A Boone County emergency dispatcher this week failed to follow internationally recognized standards when she asked a caller to try to locate a knife-wielding man at a local grocery store, a national group said Wednesday.

Dispatchers must ensure everyone is safe, including callers, according to standards set by the National Academies of Emergency Dispatch of Utah. Its standards are followed by thousands of communities worldwide, including many major U.S. cities.

Interesting read, although I think it's kind of common sense.

Obviously, the caller was in an upstairs office, maybe intentionally trying to stay away from the suspect. When the caller was hesitant to "get to" the suspect, she should have just left it at that and kept him on the line. Apparently, judging by the audio, the caller had to hang up the phone to go downstairs. I figured this would be common sense to keep the caller on the line, no?

The sheriff's office said the dispatcher had no knowledge of the suspect carrying a knife, but the audio on this longer-version MP3 (http://www.desmoinesregister.com//assets/mp3/D21660131026.MP3) indicates that the caller had stated that the suspect "had a knife a little bit ago," to which the dispatcher replied "he had a knife?" That part is at about 36 seconds into the audio, and then the dispatcher asks the caller to get a "visual" ont the subject at about 2 minutes and 10 seconds in. I do not buy their explanation that the dispatcher didn't know about the knife -- it was stated at 36 seconds into the call.

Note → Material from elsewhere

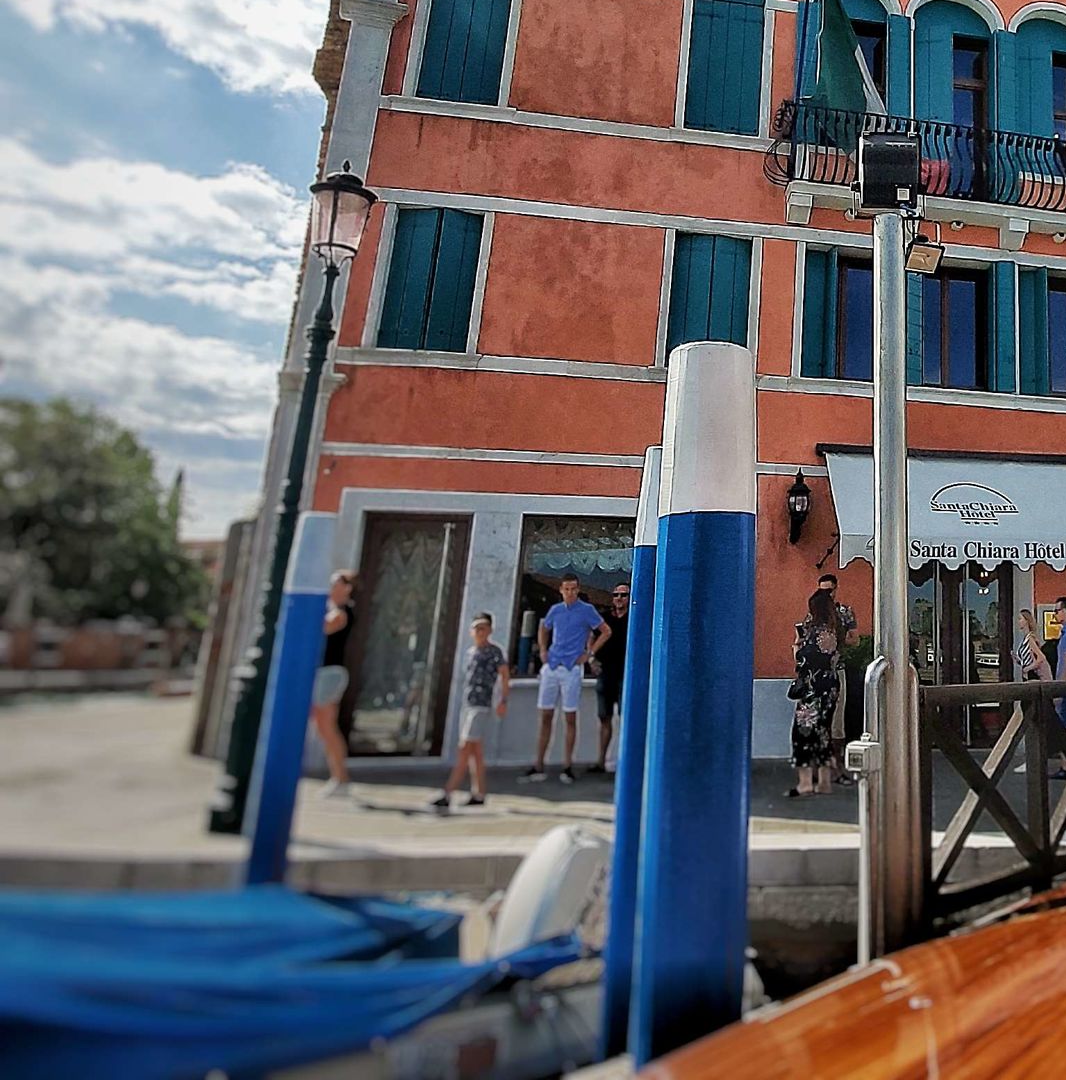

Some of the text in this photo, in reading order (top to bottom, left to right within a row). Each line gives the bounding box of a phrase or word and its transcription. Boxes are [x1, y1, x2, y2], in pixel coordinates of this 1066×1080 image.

What also bothered me is that she kept asking the caller why everyone was calling 911. Well, obviously because you're 911, and there's an incident inside of a busy public place. People tend to notice things like a guy with a knife touching all the meat in the grocery store saying he's HIV-positive. It's one of those situations that you'd duck into an aisle and call 911 -- not feasible to check with anyone and ask "have you called 911?" What did the dispatcher expect everyone in the store to do, assume someone else called 911? Civilians should never EVER assume someone else has called 911 when they see an incident, we are taught that in elementary school.

You're not supposed to "think out loud" when you're on the line with a 911 caller. What she did was extremely unprofessional. Keep your composure because it could make the situation even worse for the caller if you don't stay calm. You are paid to do many things at once, and thinking critically and silently is one of them. She even sounded annoyed that people were calling 911.

Seems to me that the dispatcher did not have adequate information, although their office was flooded with calls. Were the calltakers not sharing information with each other?

This was obviously a bad situation, but the dispatcher could have made things even worse. I don't understand why the sheriff's office is defending this?